> **EXERCISE DATA**:

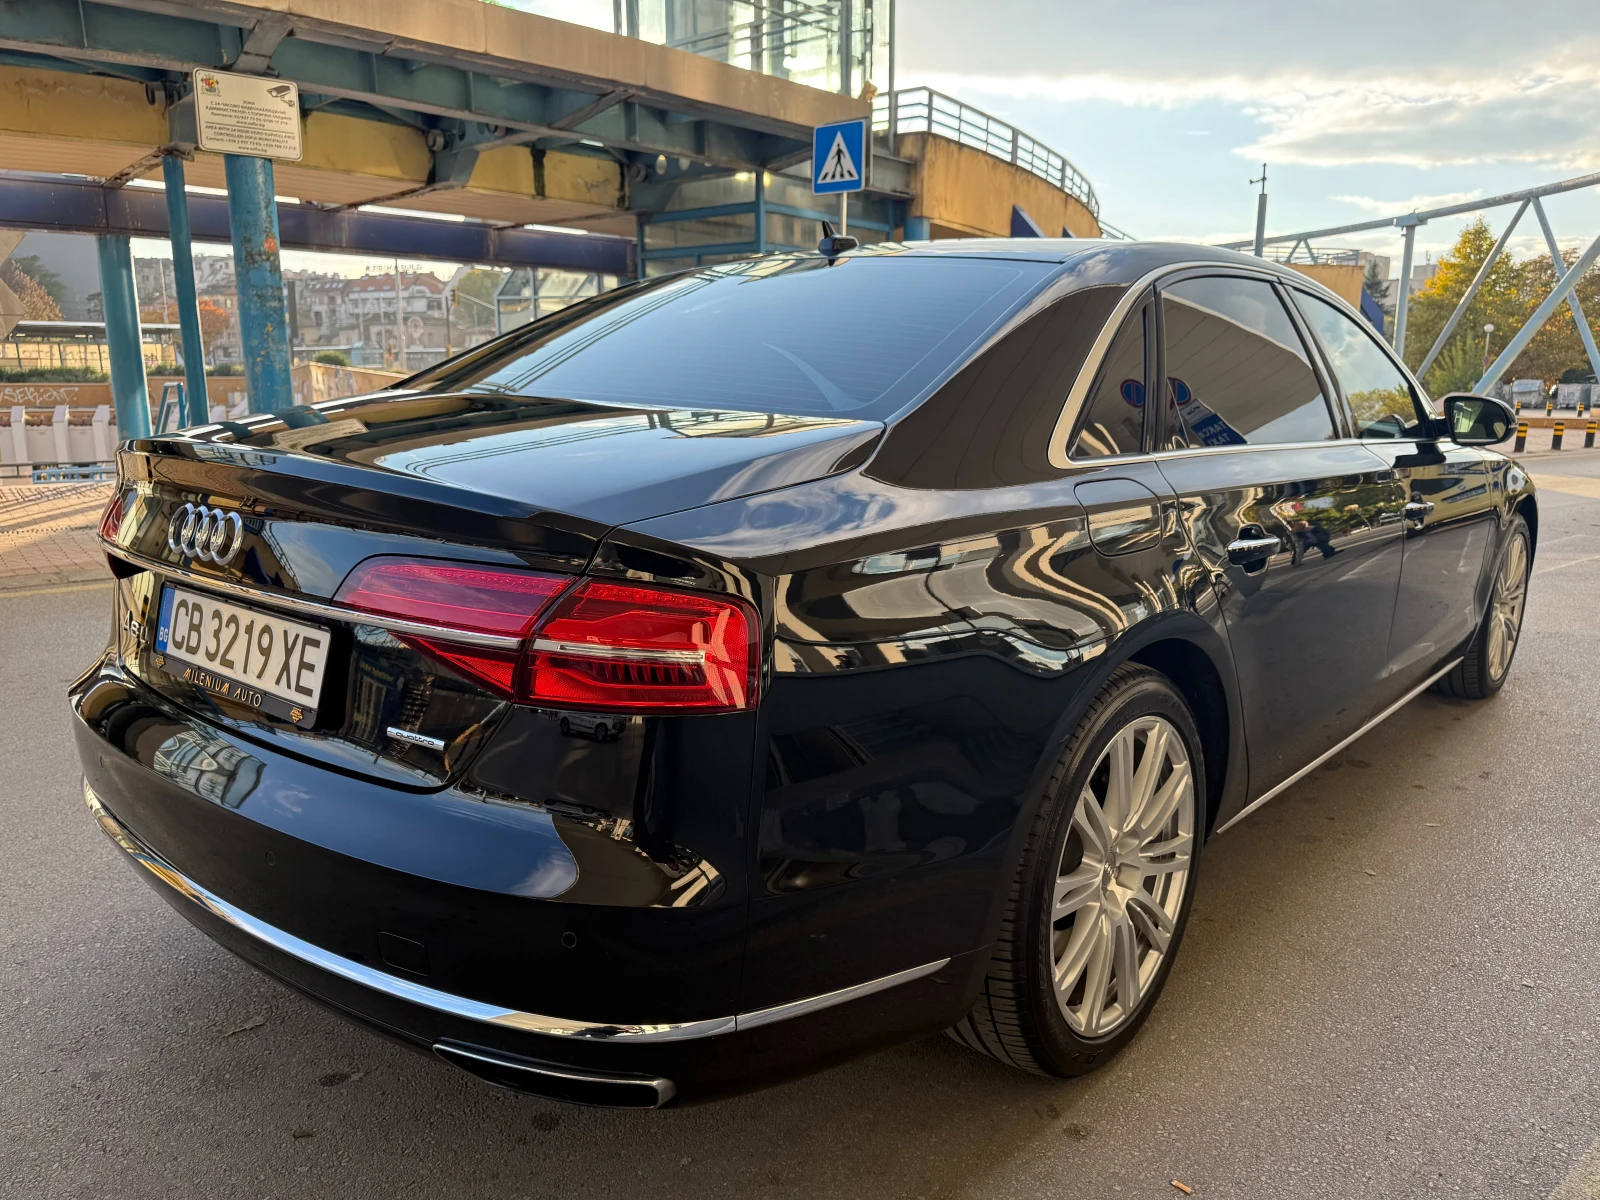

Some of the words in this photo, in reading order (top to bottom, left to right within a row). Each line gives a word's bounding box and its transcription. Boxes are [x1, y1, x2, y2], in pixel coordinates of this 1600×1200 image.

[159, 626, 169, 643] BG
[206, 609, 274, 680] 3219
[182, 668, 230, 696] MILENIUM
[234, 688, 262, 708] AUTO
[396, 732, 434, 746] quattro

> **EXERCISE AIM**:
Take the whole listing above and copy it exactly. Pictures do not go into the copy.

> **WRITTEN ANSWER**:
Some of the words in this photo, in reading order (top to bottom, left to right within a row). Each line gives a word's bounding box and its transcription. Boxes are [x1, y1, x2, y2], in pixel coordinates of this 1600×1200 image.

[159, 626, 169, 643] BG
[206, 609, 274, 680] 3219
[182, 668, 230, 696] MILENIUM
[234, 688, 262, 708] AUTO
[396, 732, 434, 746] quattro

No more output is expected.